Stored data:
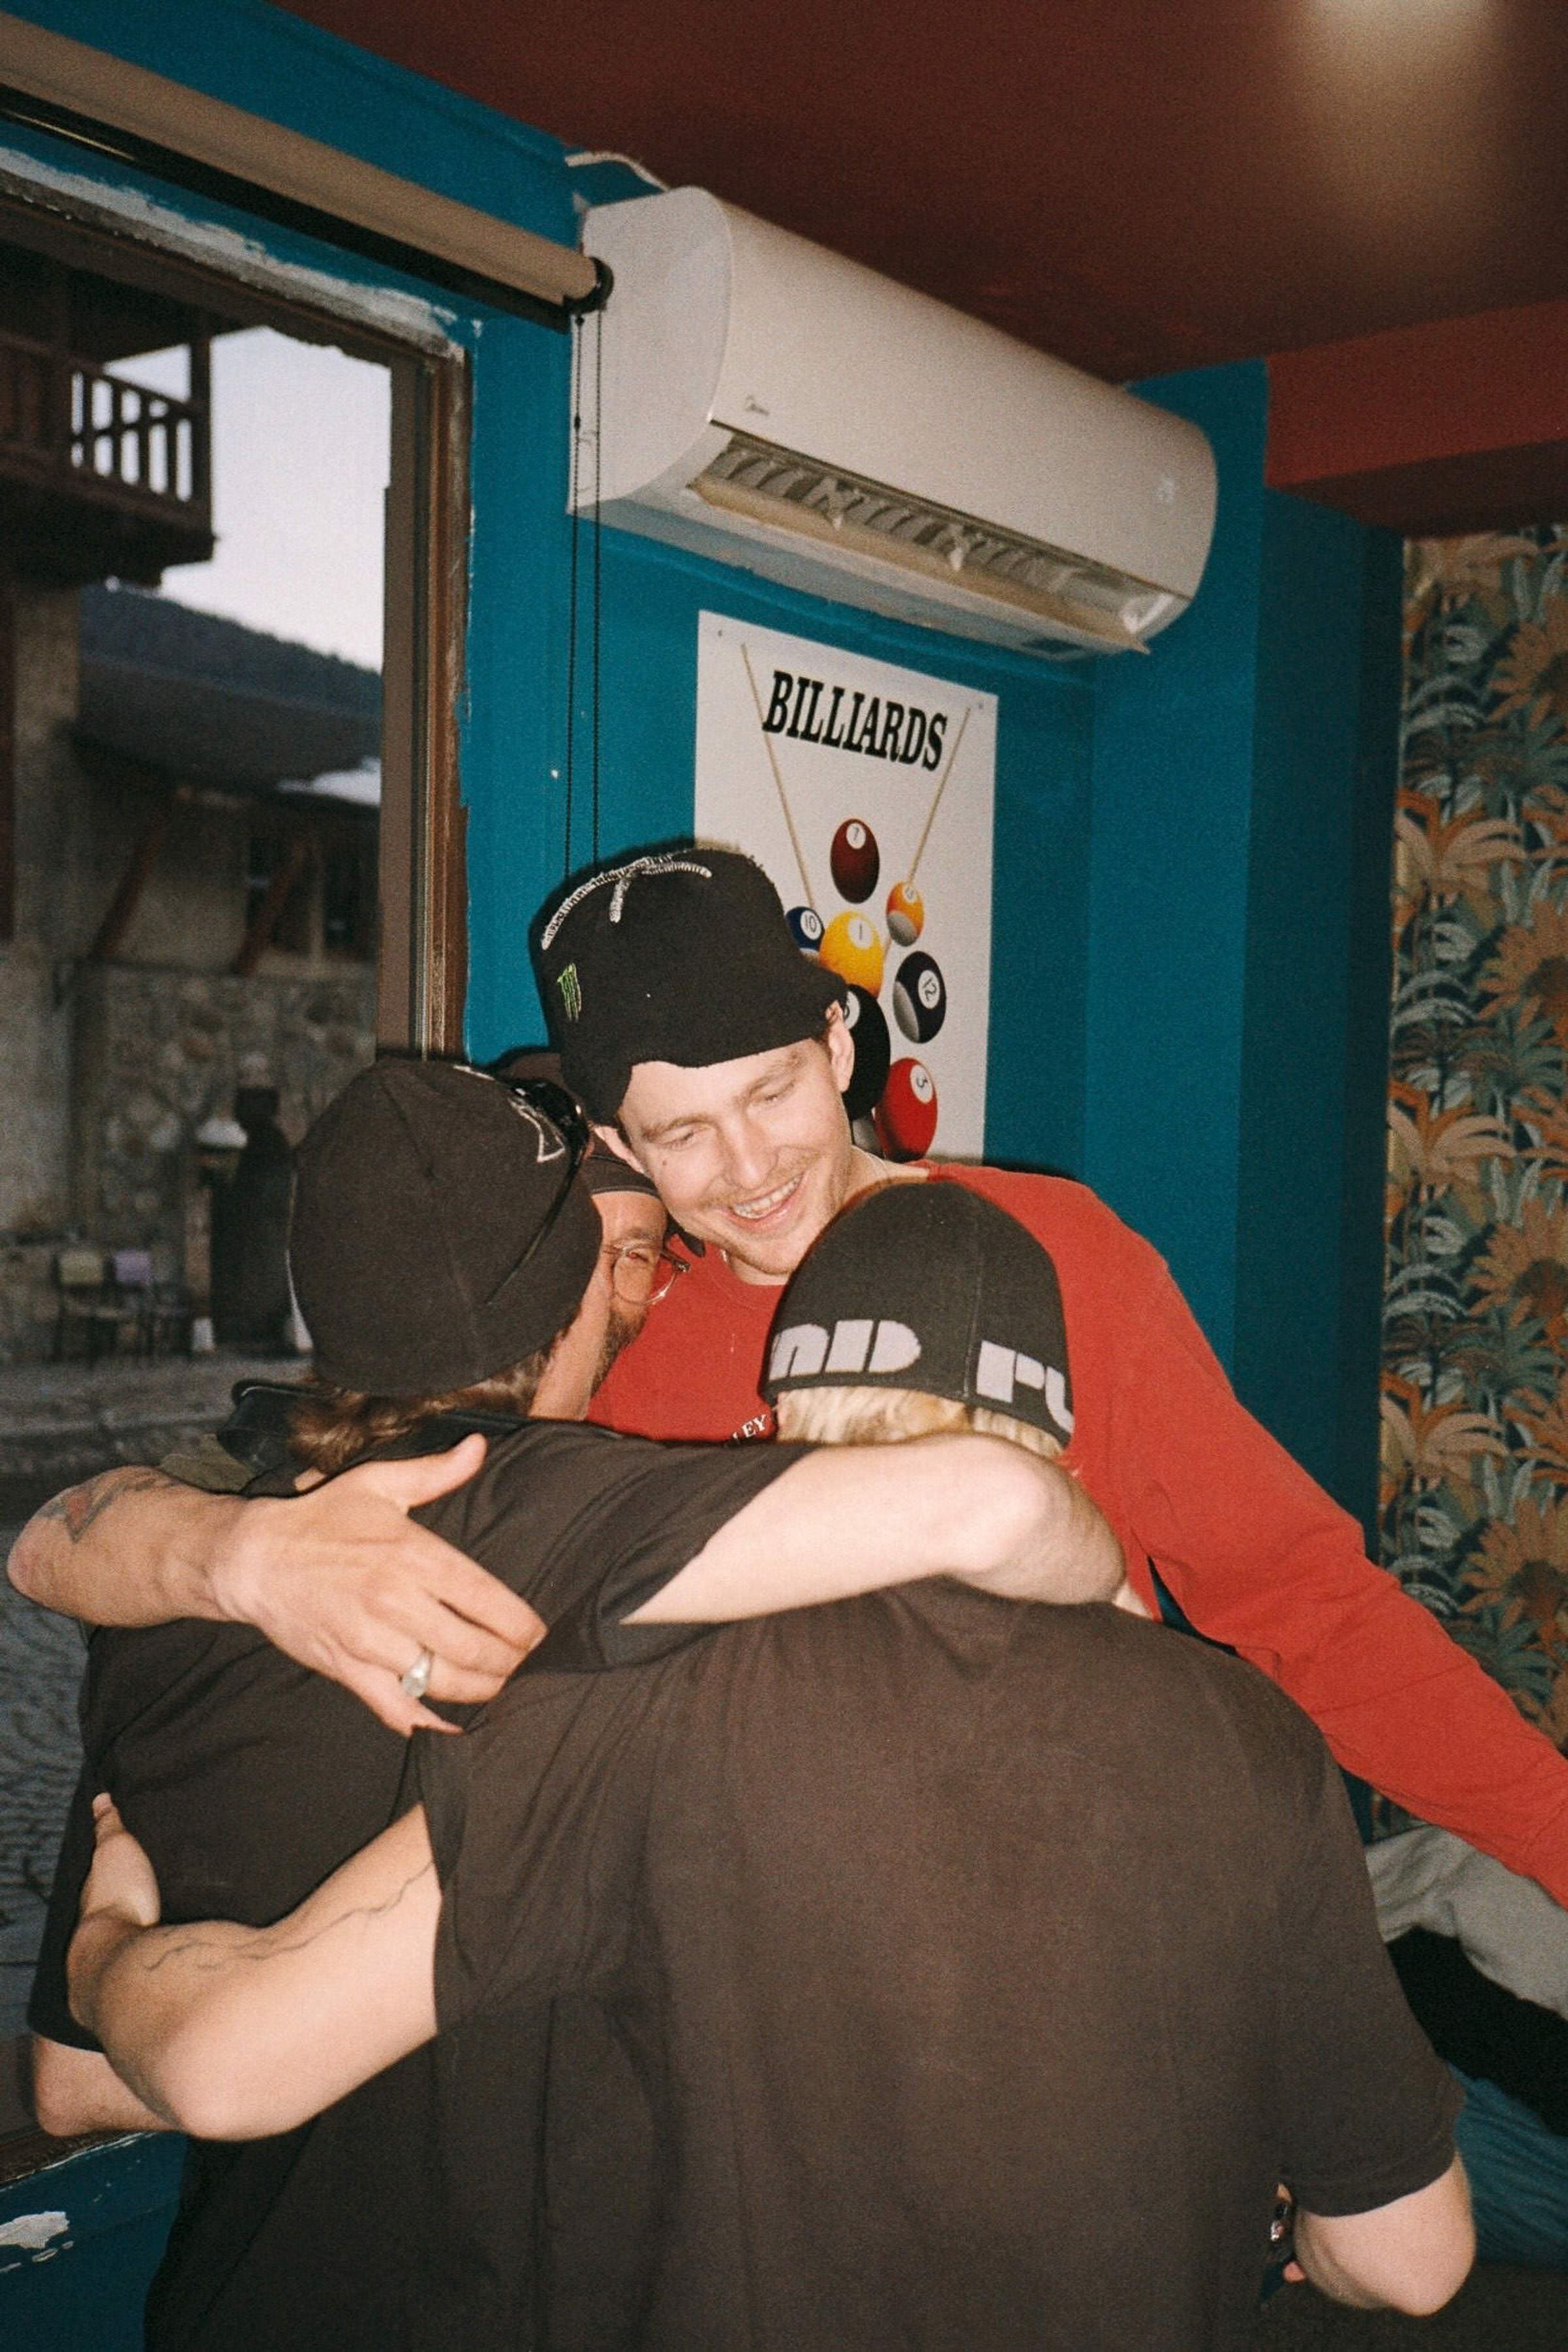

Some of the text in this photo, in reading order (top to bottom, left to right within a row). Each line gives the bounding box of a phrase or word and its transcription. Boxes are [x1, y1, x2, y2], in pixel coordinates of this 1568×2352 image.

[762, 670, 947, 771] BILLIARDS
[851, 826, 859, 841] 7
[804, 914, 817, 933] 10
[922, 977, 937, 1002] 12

• _WHAT TO DO_
Output each line above exactly as it stands, omitting the pictures.

• _OUTPUT BELOW_
Some of the text in this photo, in reading order (top to bottom, left to right within a row). Each line gives the bounding box of a phrase or word and its transcription. Boxes are [x1, y1, x2, y2], in pixel coordinates of this 1568×2352 image.

[762, 670, 947, 771] BILLIARDS
[851, 826, 859, 841] 7
[804, 914, 817, 933] 10
[922, 977, 937, 1002] 12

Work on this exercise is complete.